In the United States, Heritage Months are periods within the year that are designated to celebrate and acknowledge various ethnic and marginalized groups. These are times not only to celebrate, but also to educate others on various groups’ histories and contributions to American History. These are important times that help us to understand some of our own cultures and identities, as well as others.


Hispanic Heritage Month (September 15–October 15)

The month of September, and part of October, is a time to celebrate Hispanic culture. This time of year is significant because the Latin American countries of Costa Rica, El Salvador, Guatemala, Honduras, and Nicaragua all received their independence on September 15. Additionally, Mexico and Chile celebrate their independence days on September 16 and September 18. At 55.6 million, people of Hispanic origin are the largest ethnic or racial minority in the U.S. (17.6% of the total population).

See Hispanic Heritage Month: How Hispanics Are Defining and Redefining America on Huffpost to learn more.


LGBTQ+ Heritage Month

Beginning in 1994, the month of October was not just about candy and fun, but also about celebrating LGBTQ+ heritage. The month of October is dedicated to lesbian, gay, bisexual, transgender and diverse identities/sexualities history as well as the history of LGBTQ+ rights. During this time, revolutionary icons, events and contributions made by the LGBTQ+ community are recognized and celebrated.

National Coming Out Day (October 11)

This holiday coincides with the National March on Washington for Lesbian and Gay Rights and stemmed from the idea that the most basic, yet powerful, tool the LGBTQ+ community has is coming out, and coming out could lead to more support for its members.

Celebrate National Coming Out Day with HRC!—visit the Human Rights Campaign site to learn more.
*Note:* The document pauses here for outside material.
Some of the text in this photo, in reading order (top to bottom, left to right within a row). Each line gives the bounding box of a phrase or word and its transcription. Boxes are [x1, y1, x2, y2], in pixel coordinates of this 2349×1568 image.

Native American Heritage Month

November is a time to celebrate rich and diverse cultures, traditions, and histories and to acknowledge the important contributions of Native and indigenous people. This month is also an opportune time to educate the general public about tribes, to raise a general awareness about the unique challenges Native and indgenous people have faced both historically and in the present, and the ways in which tribal citizens have worked to conquer these challenges.

See Native American Heritage Month on National Congress of American Indians to learn more.
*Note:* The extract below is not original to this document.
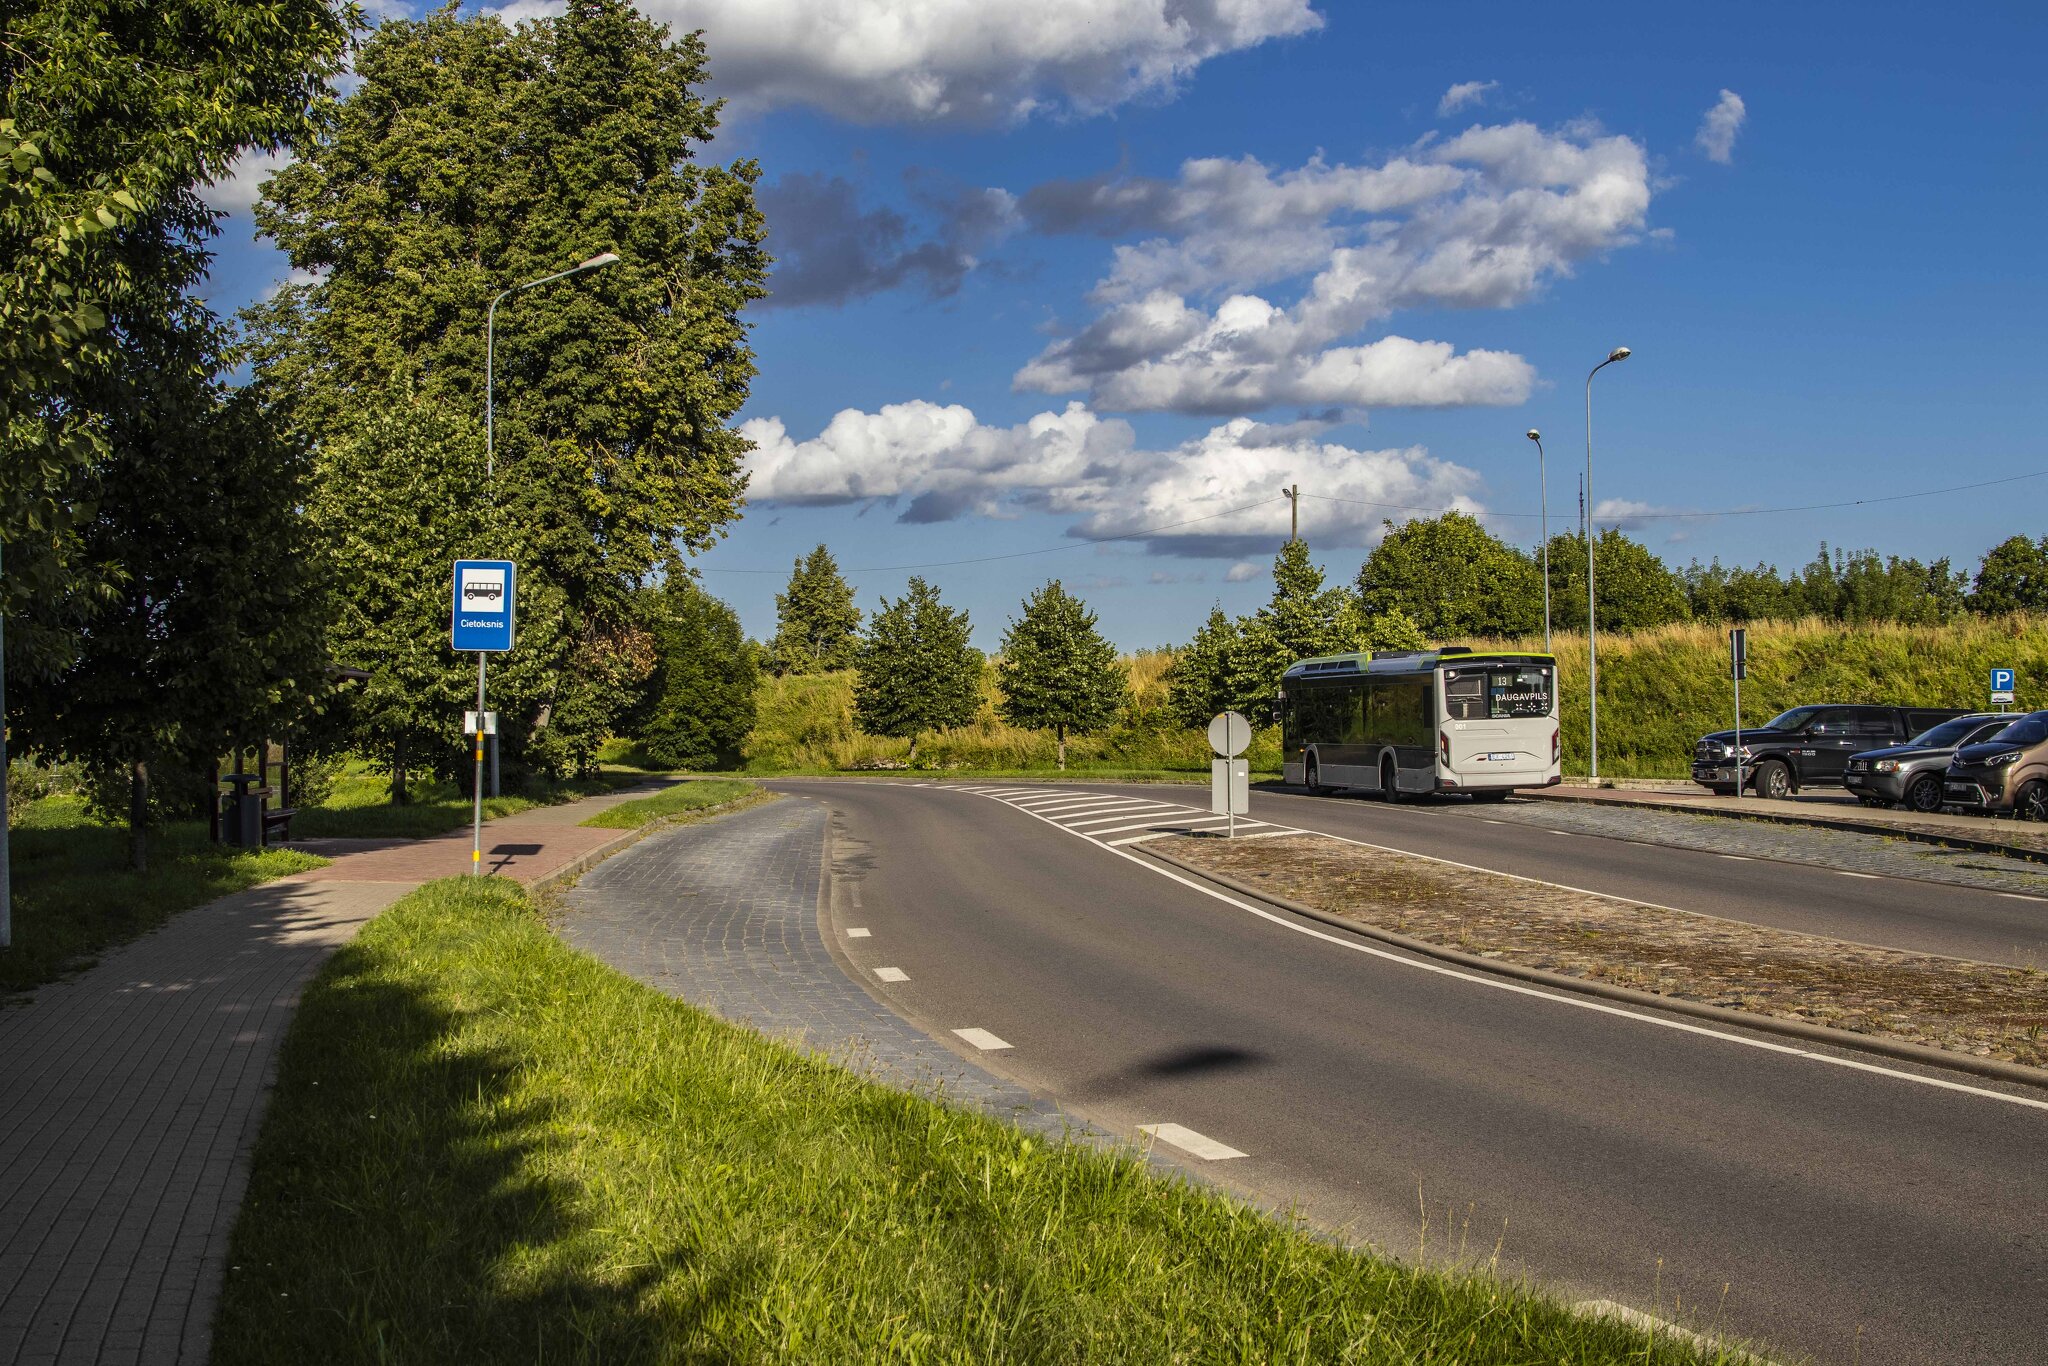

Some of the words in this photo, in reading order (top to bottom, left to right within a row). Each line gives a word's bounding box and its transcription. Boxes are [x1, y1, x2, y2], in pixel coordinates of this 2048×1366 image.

[460, 618, 504, 628] Cietoksnis
[1497, 676, 1507, 686] 13
[1996, 671, 2010, 689] P
[1495, 692, 1548, 702] DAUGAVPILS
Trans Awareness Week (November 13–19)

For much of history the trans community has struggled to gained visibility and voice within society, but to help turn the tides of history, November 13–19 has been dedicated to trans awareness. This week is a chance for citizens to aid in the fight to increase visibility of the trans and gender non-conforming community. The purpose of this week is to improve the climate of settings such as school, the workplace, and everyday interactions by educating the public and addressing challenges of prejudice, discrimination and violence against the trans community. The week culminates with Transgender Day of Remembrance on November 20 to pay tribute to trans people who lost their lives as a result of violence and bias.

See Trans Awareness Week on GLAAD to learn more.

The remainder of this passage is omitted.